START RECORDS FOR THIS EXERCISE
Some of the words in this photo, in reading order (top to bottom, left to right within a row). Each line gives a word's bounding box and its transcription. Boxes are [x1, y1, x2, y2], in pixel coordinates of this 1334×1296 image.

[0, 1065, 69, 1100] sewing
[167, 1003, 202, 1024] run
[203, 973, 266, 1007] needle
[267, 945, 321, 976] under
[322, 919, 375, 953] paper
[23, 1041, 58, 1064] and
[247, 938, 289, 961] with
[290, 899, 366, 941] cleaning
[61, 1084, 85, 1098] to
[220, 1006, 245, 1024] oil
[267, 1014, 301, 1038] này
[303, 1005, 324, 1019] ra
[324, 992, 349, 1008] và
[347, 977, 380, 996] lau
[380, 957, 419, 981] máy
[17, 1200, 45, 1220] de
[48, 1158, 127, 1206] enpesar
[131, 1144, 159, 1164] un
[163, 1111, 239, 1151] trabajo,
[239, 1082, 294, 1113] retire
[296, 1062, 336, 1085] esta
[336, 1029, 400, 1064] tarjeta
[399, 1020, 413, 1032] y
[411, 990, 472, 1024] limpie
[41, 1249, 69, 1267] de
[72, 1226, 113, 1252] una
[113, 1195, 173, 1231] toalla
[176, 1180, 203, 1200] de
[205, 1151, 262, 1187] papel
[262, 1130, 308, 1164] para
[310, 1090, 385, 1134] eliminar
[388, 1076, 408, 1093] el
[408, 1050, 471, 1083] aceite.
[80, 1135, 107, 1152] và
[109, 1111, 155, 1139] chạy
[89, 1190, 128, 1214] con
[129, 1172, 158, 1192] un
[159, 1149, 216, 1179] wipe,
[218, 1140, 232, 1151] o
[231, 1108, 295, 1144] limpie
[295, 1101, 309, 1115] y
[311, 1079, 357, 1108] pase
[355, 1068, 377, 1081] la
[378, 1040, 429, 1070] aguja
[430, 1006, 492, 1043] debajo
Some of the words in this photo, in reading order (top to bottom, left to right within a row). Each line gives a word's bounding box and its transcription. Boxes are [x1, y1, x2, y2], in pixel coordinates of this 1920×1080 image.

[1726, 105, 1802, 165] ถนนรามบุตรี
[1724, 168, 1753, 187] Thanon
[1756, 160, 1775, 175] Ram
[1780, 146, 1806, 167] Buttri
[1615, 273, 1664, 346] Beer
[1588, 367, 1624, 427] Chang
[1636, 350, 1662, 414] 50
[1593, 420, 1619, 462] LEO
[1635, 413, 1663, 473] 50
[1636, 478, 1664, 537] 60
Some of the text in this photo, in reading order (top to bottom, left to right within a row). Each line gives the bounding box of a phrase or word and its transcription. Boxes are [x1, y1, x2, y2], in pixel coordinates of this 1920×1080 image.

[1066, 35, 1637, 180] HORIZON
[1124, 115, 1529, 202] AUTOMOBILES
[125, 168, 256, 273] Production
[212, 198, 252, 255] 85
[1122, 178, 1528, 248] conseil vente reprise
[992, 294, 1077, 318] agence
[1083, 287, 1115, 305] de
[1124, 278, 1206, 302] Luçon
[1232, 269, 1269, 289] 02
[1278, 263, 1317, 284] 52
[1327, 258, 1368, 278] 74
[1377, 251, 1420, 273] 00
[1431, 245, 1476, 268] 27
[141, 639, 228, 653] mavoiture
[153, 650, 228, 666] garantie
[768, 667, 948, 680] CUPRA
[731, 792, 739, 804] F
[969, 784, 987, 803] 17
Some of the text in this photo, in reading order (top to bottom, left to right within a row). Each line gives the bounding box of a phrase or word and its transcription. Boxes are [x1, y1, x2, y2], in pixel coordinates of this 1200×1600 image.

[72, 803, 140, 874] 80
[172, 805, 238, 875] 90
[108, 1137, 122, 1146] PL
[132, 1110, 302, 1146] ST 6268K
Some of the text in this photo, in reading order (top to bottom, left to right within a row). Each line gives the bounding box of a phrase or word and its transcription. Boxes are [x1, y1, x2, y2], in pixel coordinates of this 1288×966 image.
END RECORDS FOR THIS EXERCISE
[PROBLEM DETAILS]:
Reproduce every entry above so that each one matches its source exactly.

[RESPONSE]:
Some of the words in this photo, in reading order (top to bottom, left to right within a row). Each line gives a word's bounding box and its transcription. Boxes are [x1, y1, x2, y2], in pixel coordinates of this 1334×1296 image.

[0, 1065, 69, 1100] sewing
[167, 1003, 202, 1024] run
[203, 973, 266, 1007] needle
[267, 945, 321, 976] under
[322, 919, 375, 953] paper
[23, 1041, 58, 1064] and
[247, 938, 289, 961] with
[290, 899, 366, 941] cleaning
[61, 1084, 85, 1098] to
[220, 1006, 245, 1024] oil
[267, 1014, 301, 1038] này
[303, 1005, 324, 1019] ra
[324, 992, 349, 1008] và
[347, 977, 380, 996] lau
[380, 957, 419, 981] máy
[17, 1200, 45, 1220] de
[48, 1158, 127, 1206] enpesar
[131, 1144, 159, 1164] un
[163, 1111, 239, 1151] trabajo,
[239, 1082, 294, 1113] retire
[296, 1062, 336, 1085] esta
[336, 1029, 400, 1064] tarjeta
[399, 1020, 413, 1032] y
[411, 990, 472, 1024] limpie
[41, 1249, 69, 1267] de
[72, 1226, 113, 1252] una
[113, 1195, 173, 1231] toalla
[176, 1180, 203, 1200] de
[205, 1151, 262, 1187] papel
[262, 1130, 308, 1164] para
[310, 1090, 385, 1134] eliminar
[388, 1076, 408, 1093] el
[408, 1050, 471, 1083] aceite.
[80, 1135, 107, 1152] và
[109, 1111, 155, 1139] chạy
[89, 1190, 128, 1214] con
[129, 1172, 158, 1192] un
[159, 1149, 216, 1179] wipe,
[218, 1140, 232, 1151] o
[231, 1108, 295, 1144] limpie
[295, 1101, 309, 1115] y
[311, 1079, 357, 1108] pase
[355, 1068, 377, 1081] la
[378, 1040, 429, 1070] aguja
[430, 1006, 492, 1043] debajo
Some of the words in this photo, in reading order (top to bottom, left to right within a row). Each line gives a word's bounding box and its transcription. Boxes are [x1, y1, x2, y2], in pixel coordinates of this 1920×1080 image.

[1726, 105, 1802, 165] ถนนรามบุตรี
[1724, 168, 1753, 187] Thanon
[1756, 160, 1775, 175] Ram
[1780, 146, 1806, 167] Buttri
[1615, 273, 1664, 346] Beer
[1588, 367, 1624, 427] Chang
[1636, 350, 1662, 414] 50
[1593, 420, 1619, 462] LEO
[1635, 413, 1663, 473] 50
[1636, 478, 1664, 537] 60
Some of the text in this photo, in reading order (top to bottom, left to right within a row). Each line gives the bounding box of a phrase or word and its transcription. Boxes are [x1, y1, x2, y2], in pixel coordinates of this 1920×1080 image.

[1066, 35, 1637, 180] HORIZON
[1124, 115, 1529, 202] AUTOMOBILES
[125, 168, 256, 273] Production
[212, 198, 252, 255] 85
[1122, 178, 1528, 248] conseil vente reprise
[992, 294, 1077, 318] agence
[1083, 287, 1115, 305] de
[1124, 278, 1206, 302] Luçon
[1232, 269, 1269, 289] 02
[1278, 263, 1317, 284] 52
[1327, 258, 1368, 278] 74
[1377, 251, 1420, 273] 00
[1431, 245, 1476, 268] 27
[141, 639, 228, 653] mavoiture
[153, 650, 228, 666] garantie
[768, 667, 948, 680] CUPRA
[731, 792, 739, 804] F
[969, 784, 987, 803] 17
Some of the text in this photo, in reading order (top to bottom, left to right within a row). Each line gives the bounding box of a phrase or word and its transcription. Boxes are [x1, y1, x2, y2], in pixel coordinates of this 1200×1600 image.

[72, 803, 140, 874] 80
[172, 805, 238, 875] 90
[108, 1137, 122, 1146] PL
[132, 1110, 302, 1146] ST 6268K
Some of the text in this photo, in reading order (top to bottom, left to right within a row). Each line gives the bounding box of a phrase or word and its transcription. Boxes are [x1, y1, x2, y2], in pixel coordinates of this 1288×966 image.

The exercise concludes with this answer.